### Assigned task
Everything in the entries except the pictures must be repeated exactly.
(Entries provided Opens)
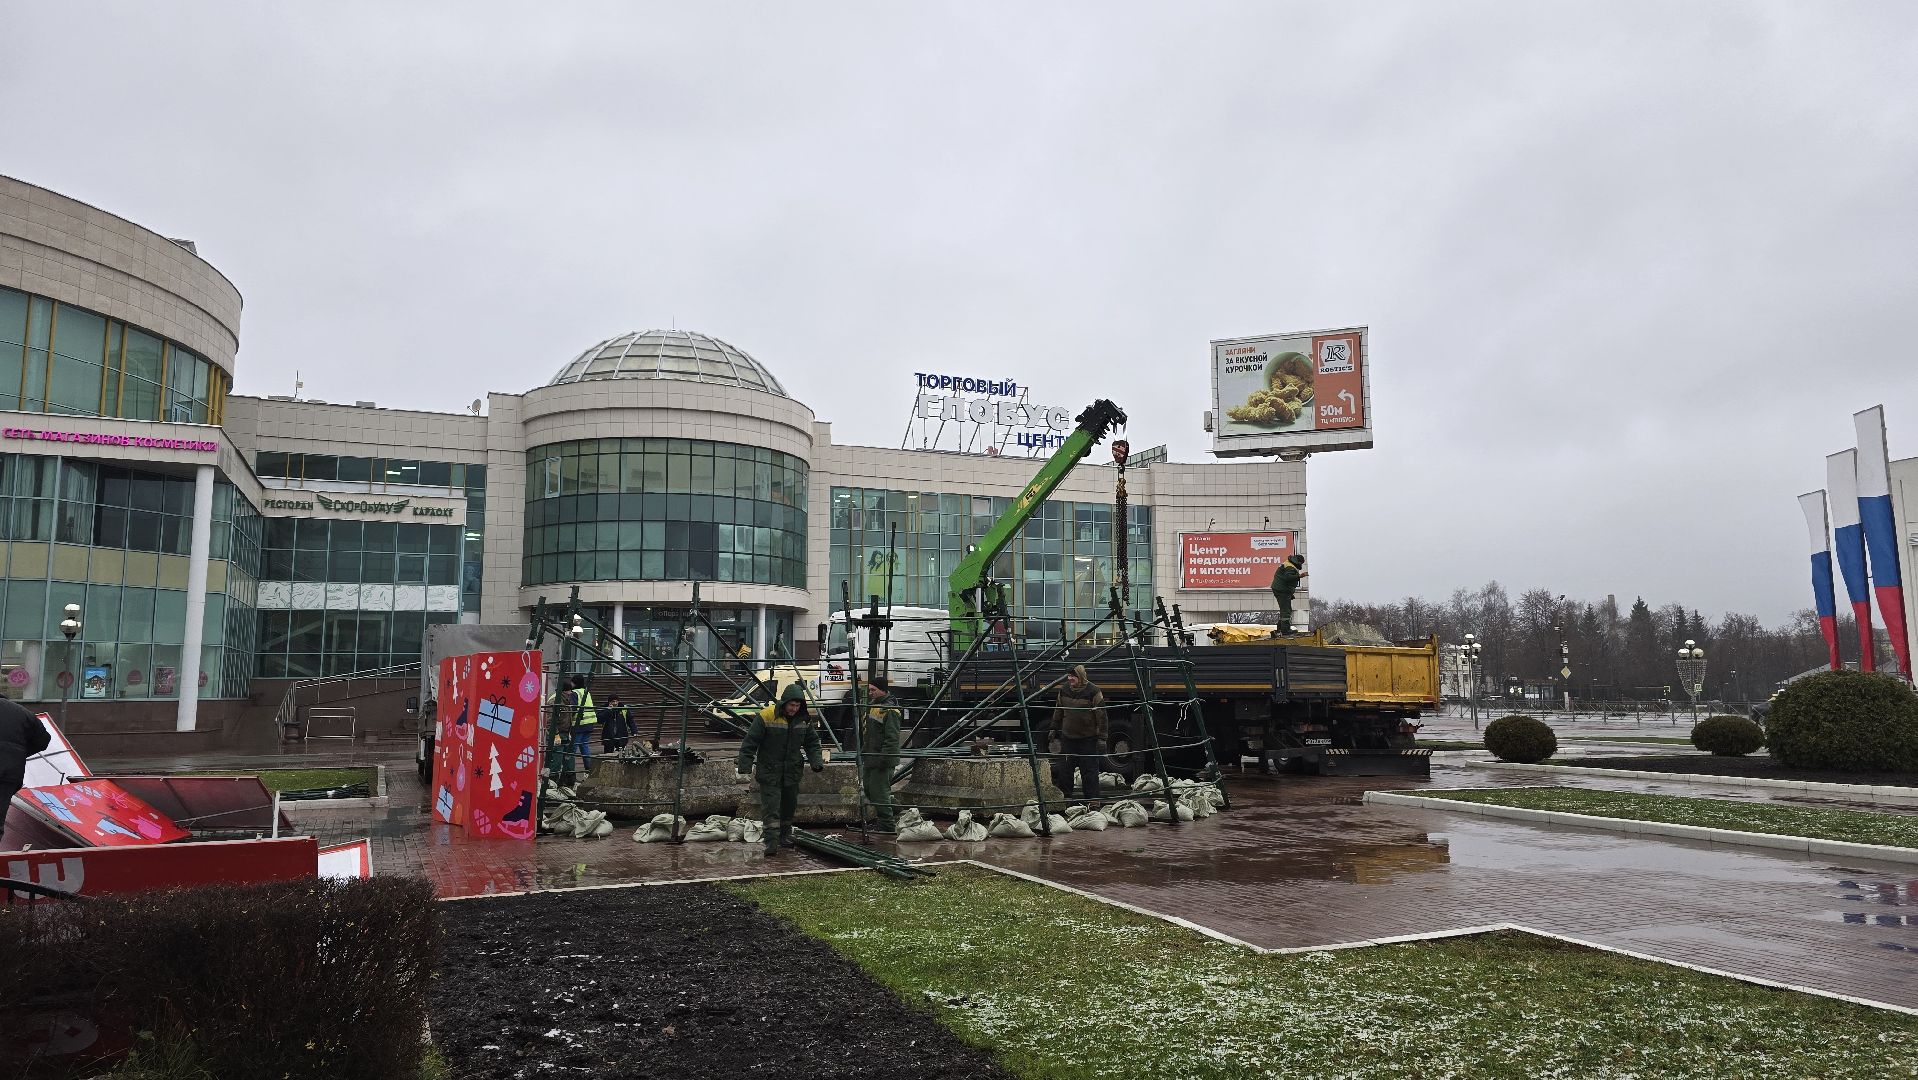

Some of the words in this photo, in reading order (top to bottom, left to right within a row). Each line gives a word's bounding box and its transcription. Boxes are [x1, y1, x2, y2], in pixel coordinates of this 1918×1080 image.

[1226, 347, 1256, 355] ЗАГЛЯНИ
[1235, 352, 1268, 364] ВКУСНОЙ
[1226, 362, 1263, 374] КУРОЧКОЙ
[915, 372, 1017, 397] ТОРГОВЫЙ
[917, 394, 1070, 431] ГЛОБУС
[2, 427, 36, 440] СЕТЬ
[41, 430, 130, 446] МАГАЗИНОВ
[134, 436, 218, 452] КОСМЕТИКИ
[1017, 432, 1069, 449] ЦЕНТ
[264, 499, 314, 511] РЕСТОРАН
[412, 506, 454, 517] КАРАОКЕ
[1189, 543, 1227, 556] Центр
[1189, 556, 1281, 565] недвижимости
[1189, 567, 1196, 575] и
[1199, 567, 1251, 575] ипотеки
(Entries provided Closes)
### Reply
Some of the words in this photo, in reading order (top to bottom, left to right within a row). Each line gives a word's bounding box and its transcription. Boxes are [x1, y1, x2, y2], in pixel coordinates of this 1918×1080 image.

[1226, 347, 1256, 355] ЗАГЛЯНИ
[1235, 352, 1268, 364] ВКУСНОЙ
[1226, 362, 1263, 374] КУРОЧКОЙ
[915, 372, 1017, 397] ТОРГОВЫЙ
[917, 394, 1070, 431] ГЛОБУС
[2, 427, 36, 440] СЕТЬ
[41, 430, 130, 446] МАГАЗИНОВ
[134, 436, 218, 452] КОСМЕТИКИ
[1017, 432, 1069, 449] ЦЕНТ
[264, 499, 314, 511] РЕСТОРАН
[412, 506, 454, 517] КАРАОКЕ
[1189, 543, 1227, 556] Центр
[1189, 556, 1281, 565] недвижимости
[1189, 567, 1196, 575] и
[1199, 567, 1251, 575] ипотеки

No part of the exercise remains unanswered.